**What you need to do**
Apart from the images, reproduce every record word for word.

**Collected data**
- - -

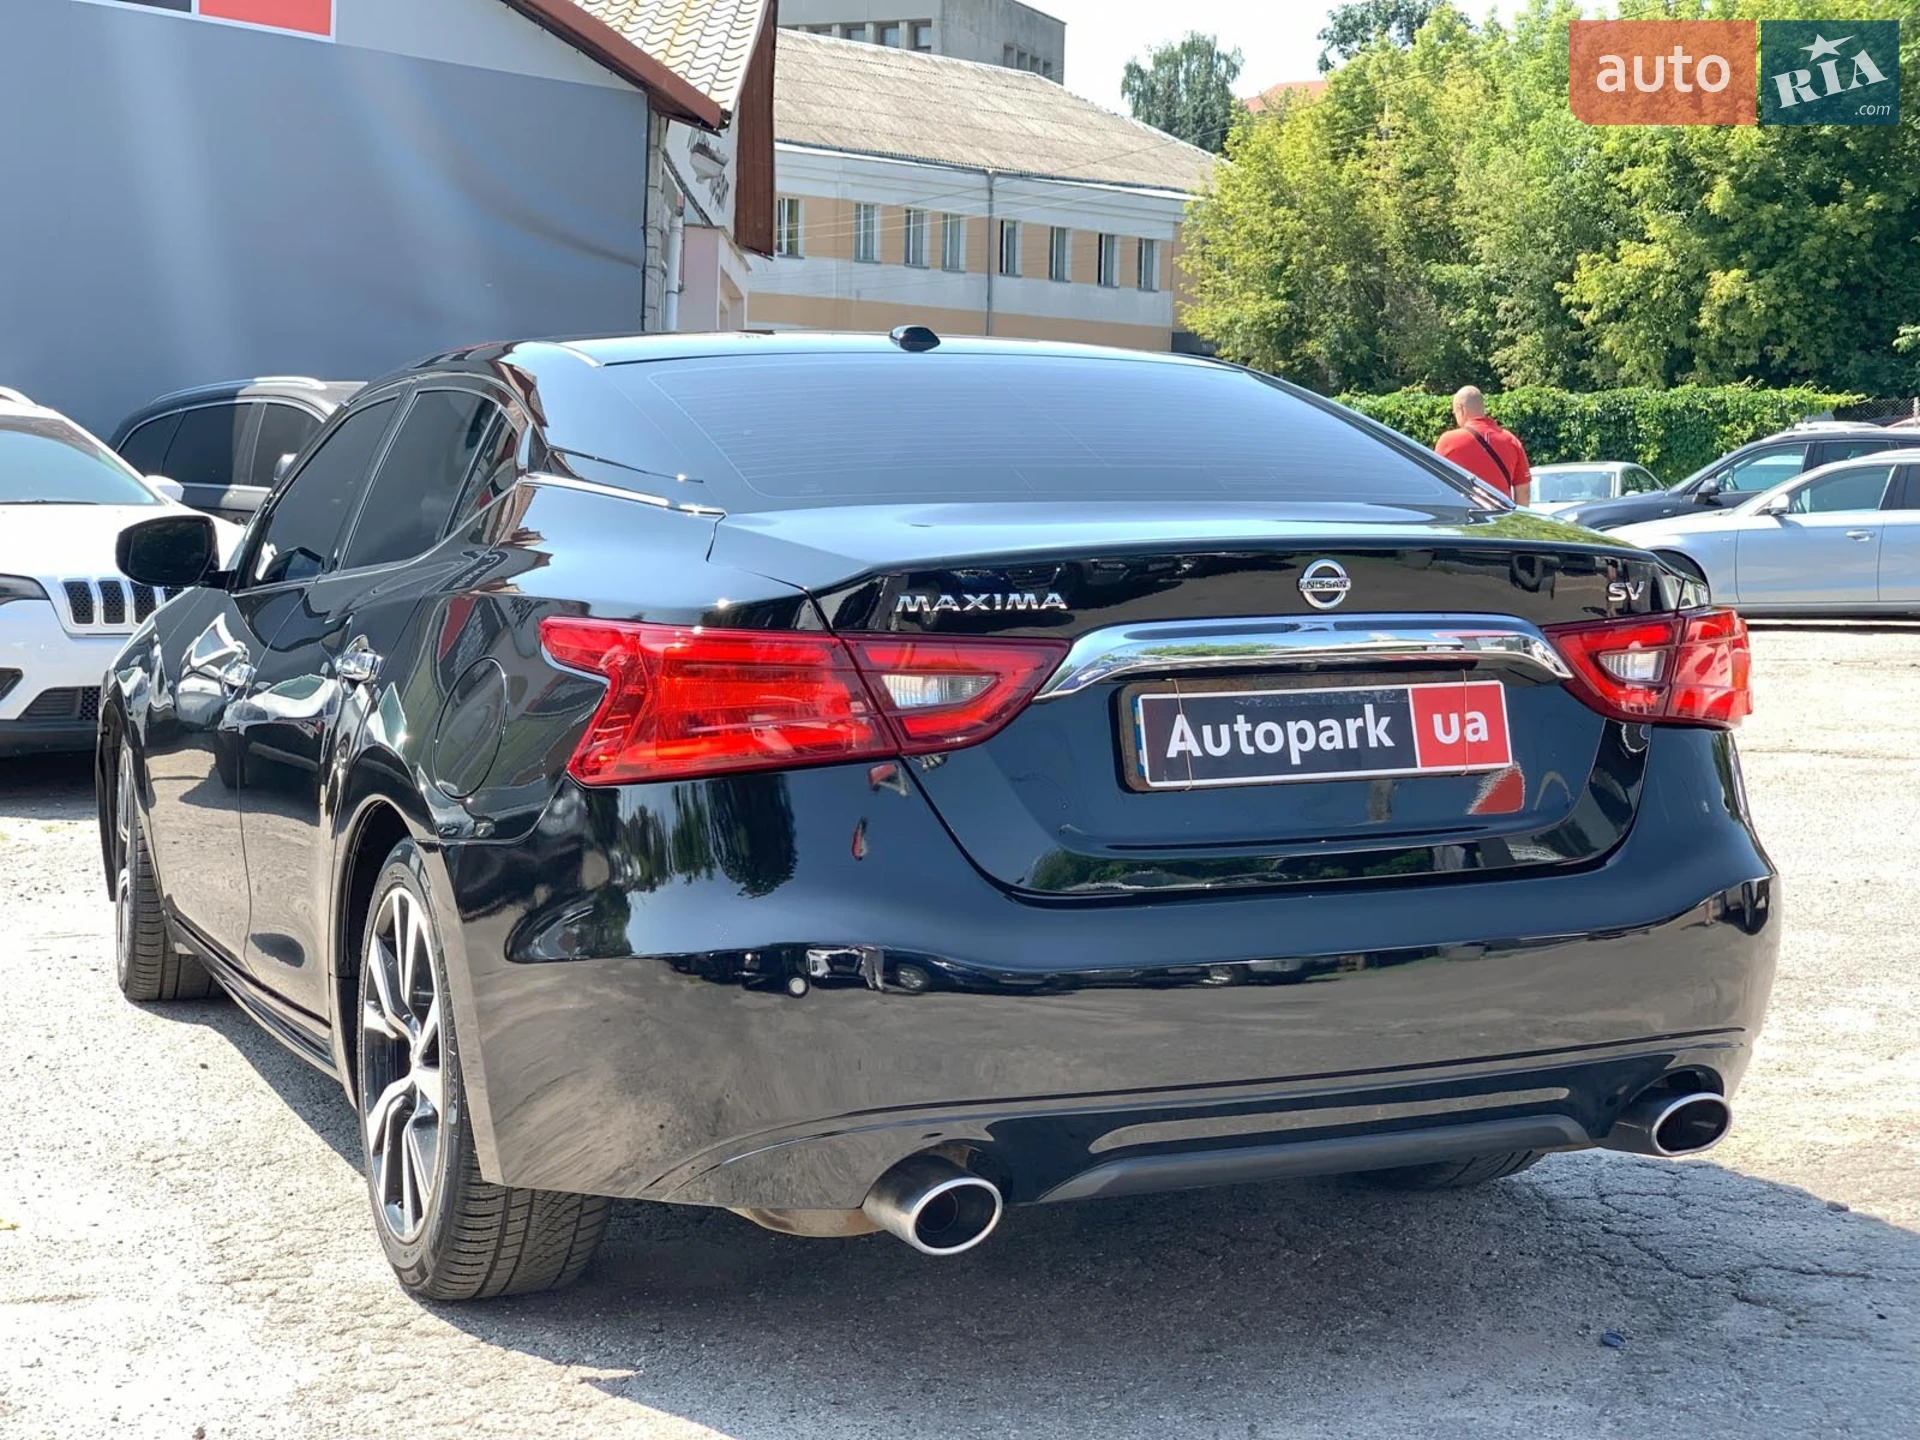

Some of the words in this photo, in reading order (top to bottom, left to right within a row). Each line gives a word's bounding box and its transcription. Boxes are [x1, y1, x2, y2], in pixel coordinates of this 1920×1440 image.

[1306, 580, 1347, 589] NISSAN
[1607, 581, 1645, 602] SV
[895, 592, 1068, 613] MAXIMA
[1166, 703, 1395, 766] Autopark
[1432, 709, 1489, 744] ua
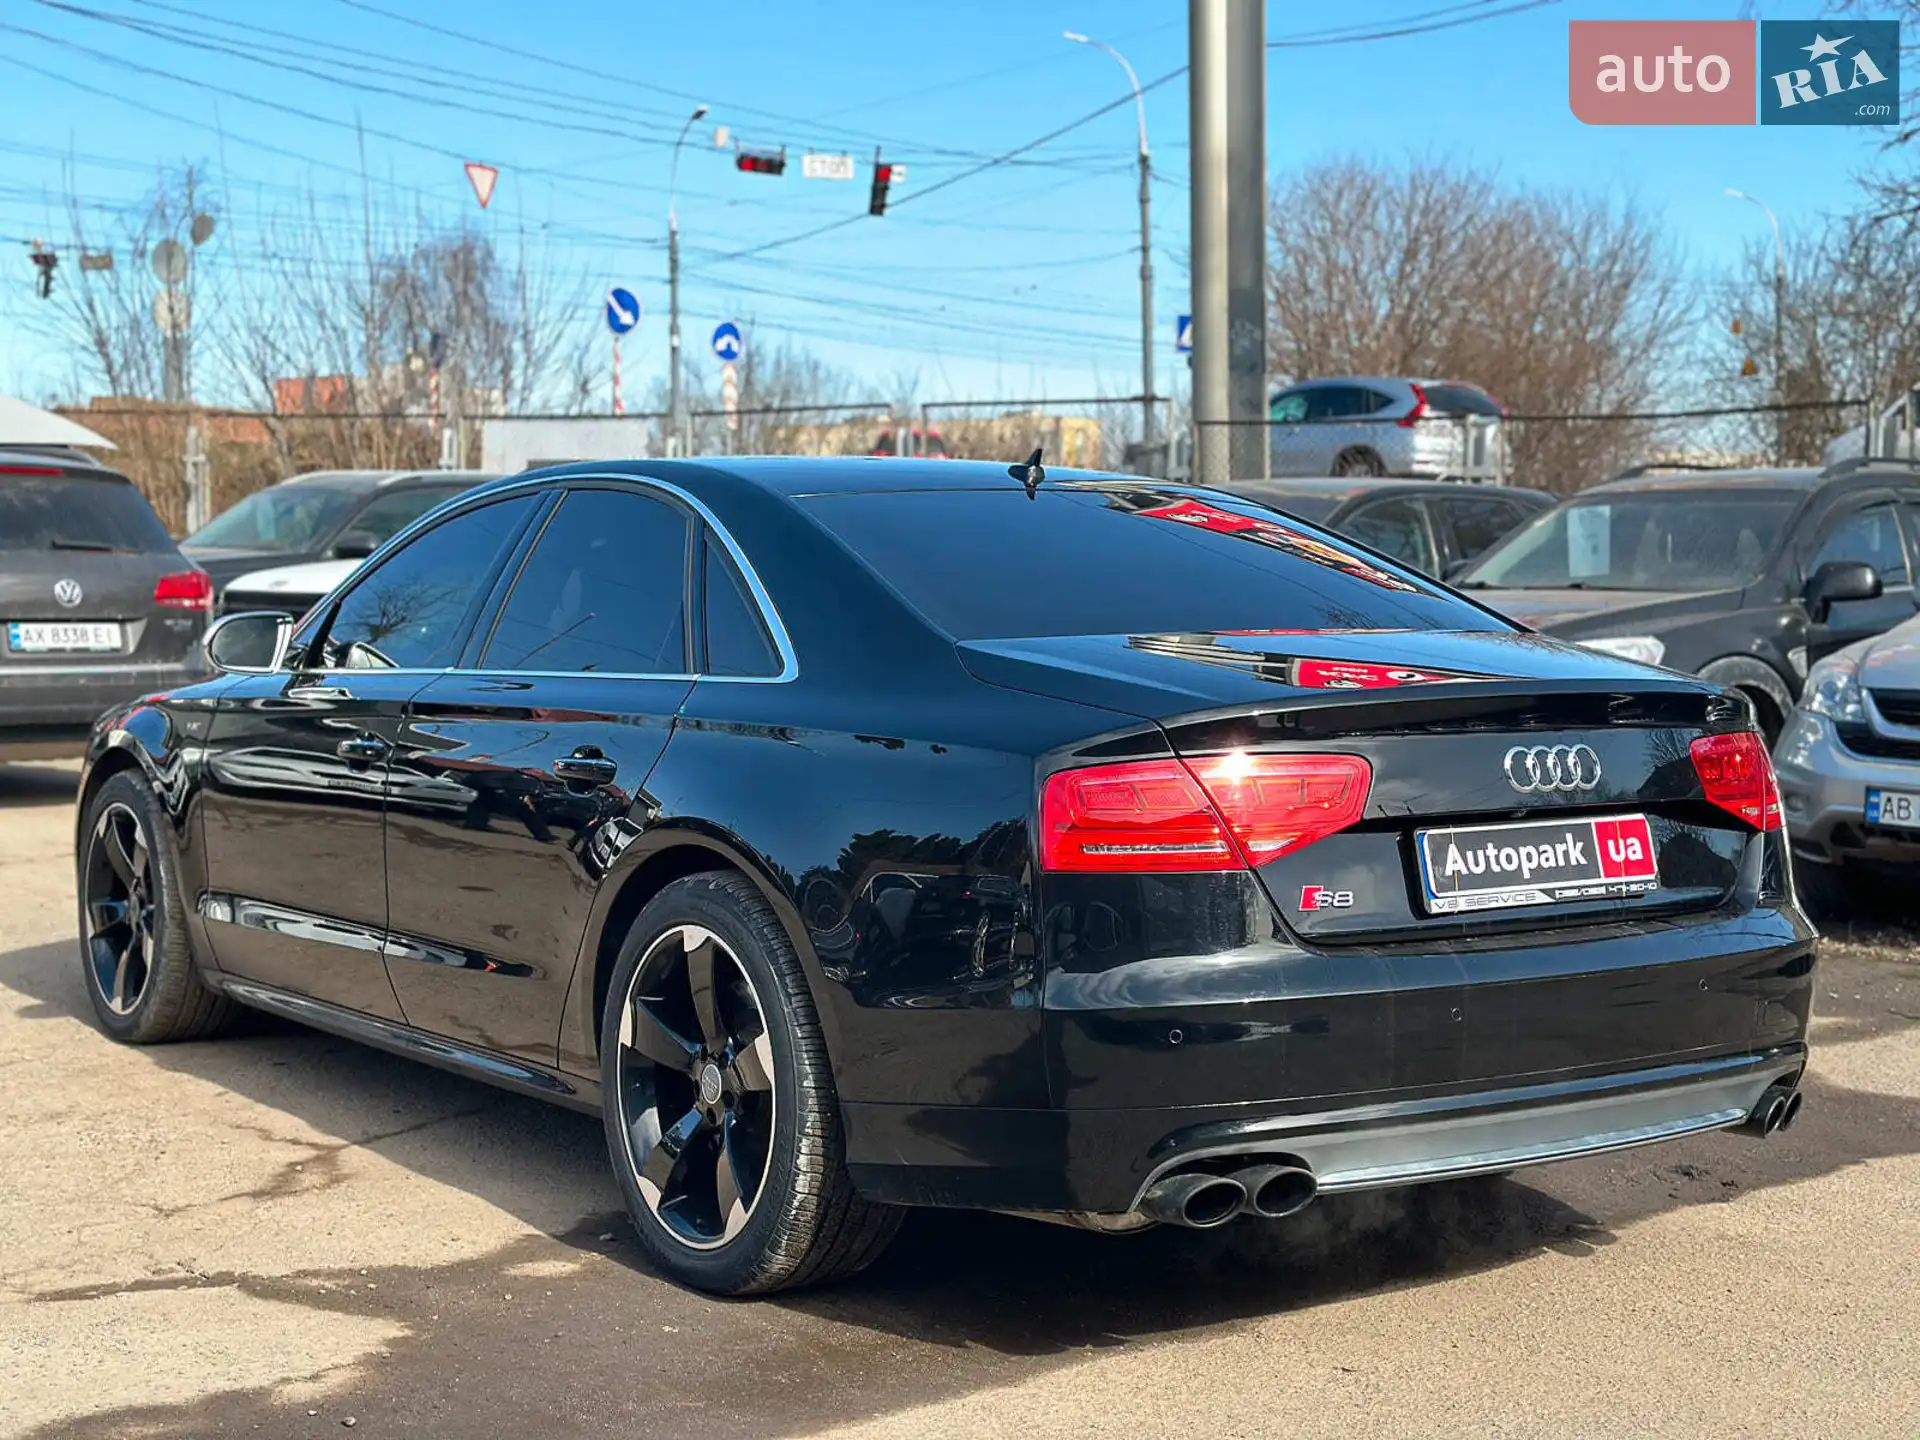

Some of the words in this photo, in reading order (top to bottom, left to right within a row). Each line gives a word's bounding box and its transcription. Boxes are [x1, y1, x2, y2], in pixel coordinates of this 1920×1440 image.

- - -

**Task response**
Some of the words in this photo, in reading order (top to bottom, left to right within a row). Each line gives a word's bounding box and its transcription. Boxes are [x1, y1, x2, y2], in pixel coordinates of this 1920×1440 image.

[1306, 580, 1347, 589] NISSAN
[1607, 581, 1645, 602] SV
[895, 592, 1068, 613] MAXIMA
[1166, 703, 1395, 766] Autopark
[1432, 709, 1489, 744] ua

Some of the words in this photo, in reading order (top to bottom, left to right within a row). Each line gives a word's bounding box and its transcription. Boxes are [x1, y1, x2, y2], in pixel coordinates of this 1920×1440 image.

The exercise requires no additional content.